The pay dirt for evolution education is to get students to see all of biological life through the lens of evolution. (This builds upon the ‘Evidence’ section. If you have not visited there, you are encouraged to do so first.)
Let’s take a familiar example–the dog.
Now if a student has been taught to view biological life through the three lens of similarities, progressions, and remnants they will be able to test the theory of evolution and make predictions.
Similarities prediction: If evolution is true you might expect to find similarities (synapomorphies) between breeds of dogs, other closely related mammals, mammals as a whole, vertebrates, eukaryotes, and all life. We find these in abundance from head to toe in dogs. Dogs have a single temporal hole like all synapsids, hair and mammary glands like most mammals, placentas for nourishing in utero like all eutherians, iron based blood, a tail like many carnivora, five fingers on their forelimbs like most vertebrates (pentadactyly), and on and on.
Progressions prediction: If evolution is true you might expect to see dogs as part of a progression of change on the macro scale (using fossils) and on the micro scale (across geography and in recorded historical records) showing change over time. This is, of course, exactly what we find.
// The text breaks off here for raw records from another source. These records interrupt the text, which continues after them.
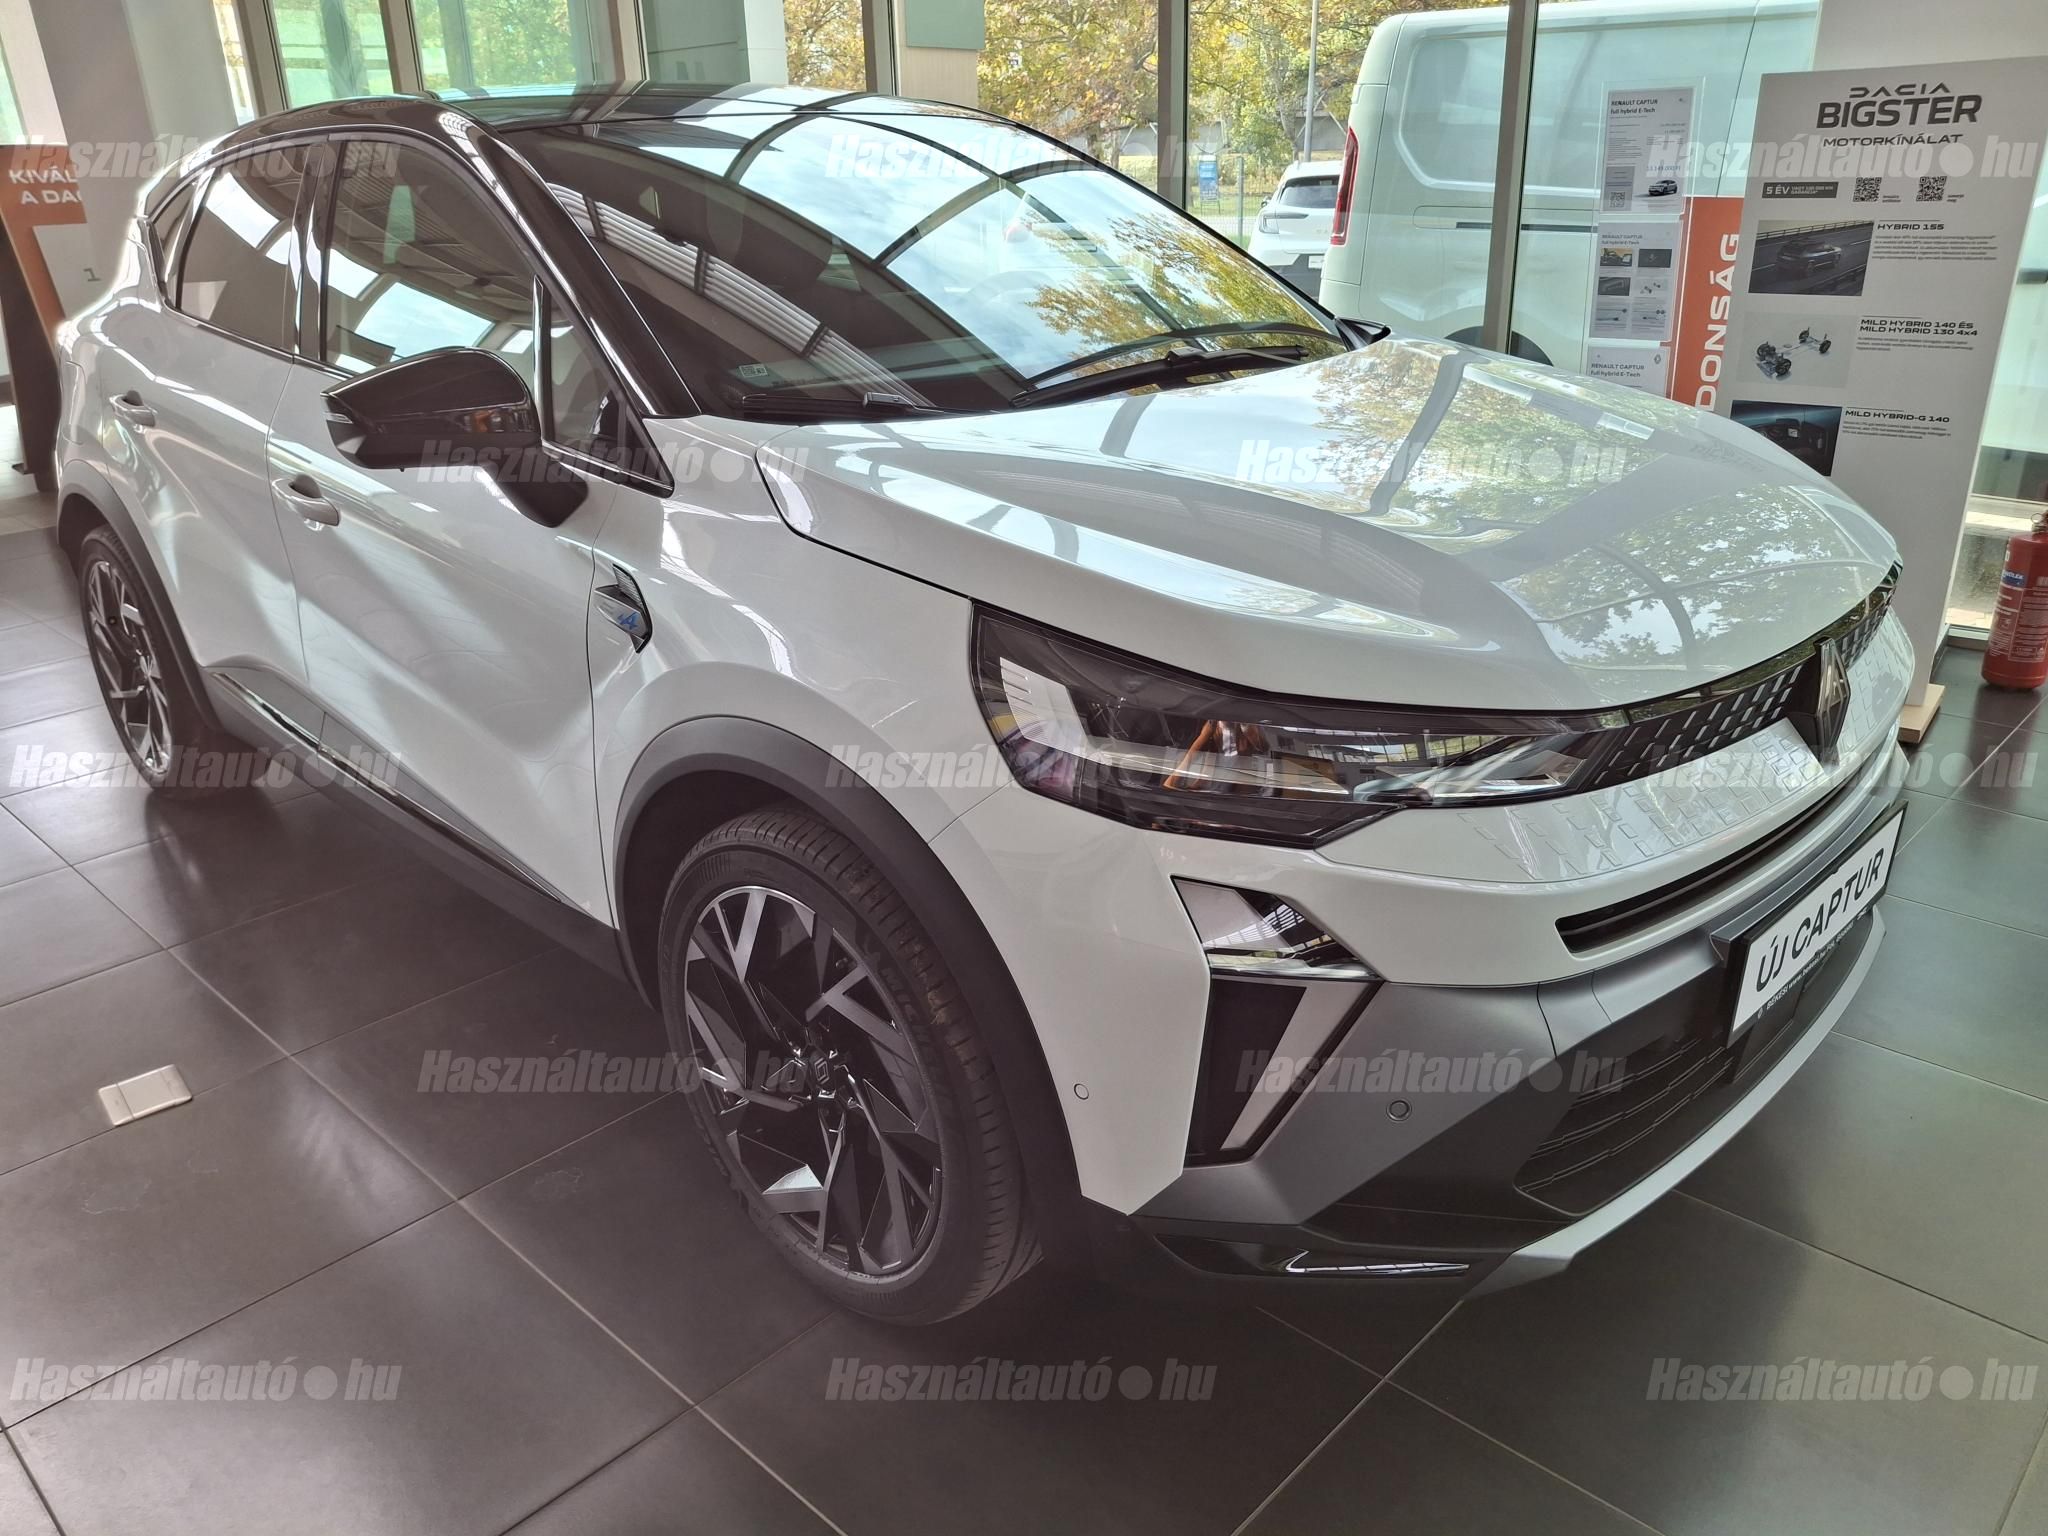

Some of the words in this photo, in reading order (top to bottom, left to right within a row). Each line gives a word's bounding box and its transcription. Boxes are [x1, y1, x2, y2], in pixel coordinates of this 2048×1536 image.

[1849, 82, 1951, 99] DACIA
[1816, 94, 1983, 129] BIGSTER
[1823, 132, 1964, 147] MOTORKÍNÁLAT
[1766, 186, 1773, 195] 5
[1775, 184, 1791, 195] ÉV
[21, 190, 39, 205] A
[1877, 223, 1921, 231] HYBRID
[1923, 223, 1945, 231] 155
[1859, 325, 1886, 333] MILD
[1888, 326, 1931, 335] HYBRID
[1889, 320, 1933, 328] HYBRID
[1933, 321, 1956, 329] 140
[1958, 320, 1975, 329] ÉS
[1845, 410, 1871, 418] MILD
[1872, 411, 1926, 422] HYBRID-G
[1926, 415, 1950, 423] 140
[1756, 934, 1789, 993] ÚJ
[1791, 847, 1885, 961] CAPTUR
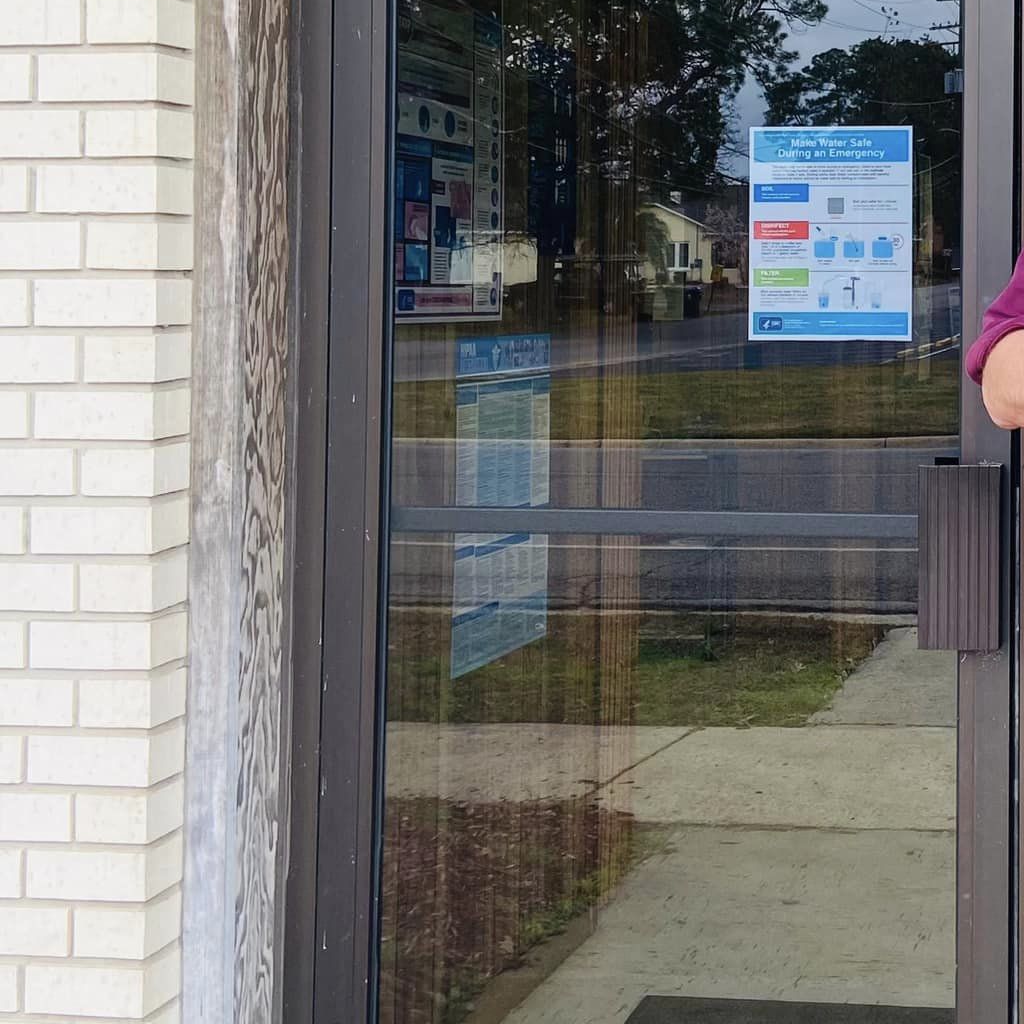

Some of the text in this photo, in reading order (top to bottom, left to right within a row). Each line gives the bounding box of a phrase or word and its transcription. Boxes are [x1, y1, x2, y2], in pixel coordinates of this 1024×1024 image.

[791, 138, 872, 148] Make Water Safe
[778, 148, 885, 160] During an Emergency
Remnants prediction: If evolution is true you would expect to see signs of past generations within today’s dogs. Turns out you do. One such example is the dew claw on the front paws of most dogs. This claw is small and has little musculature. So, why have it? Well, it may serve some purpose in mounting but otherwise it is simply a leftover, a remnant. Further evidence of this supporting evolution is the hind leg dew claws found on some dogs, which harkens back to an ancestral trait of having five digits on their hind leg.
My point is simple: Pick ANY species and similar evidence can be found. Giving this ability of seeing life through these lens of similarities, progressions, and remnants gives POWER to your students to see life in a new way–to see life in light of the pageantry, beauty, mystery, and majesty of evolutionary history. That, dear friends, is something every student should have the honor and pleasure of doing.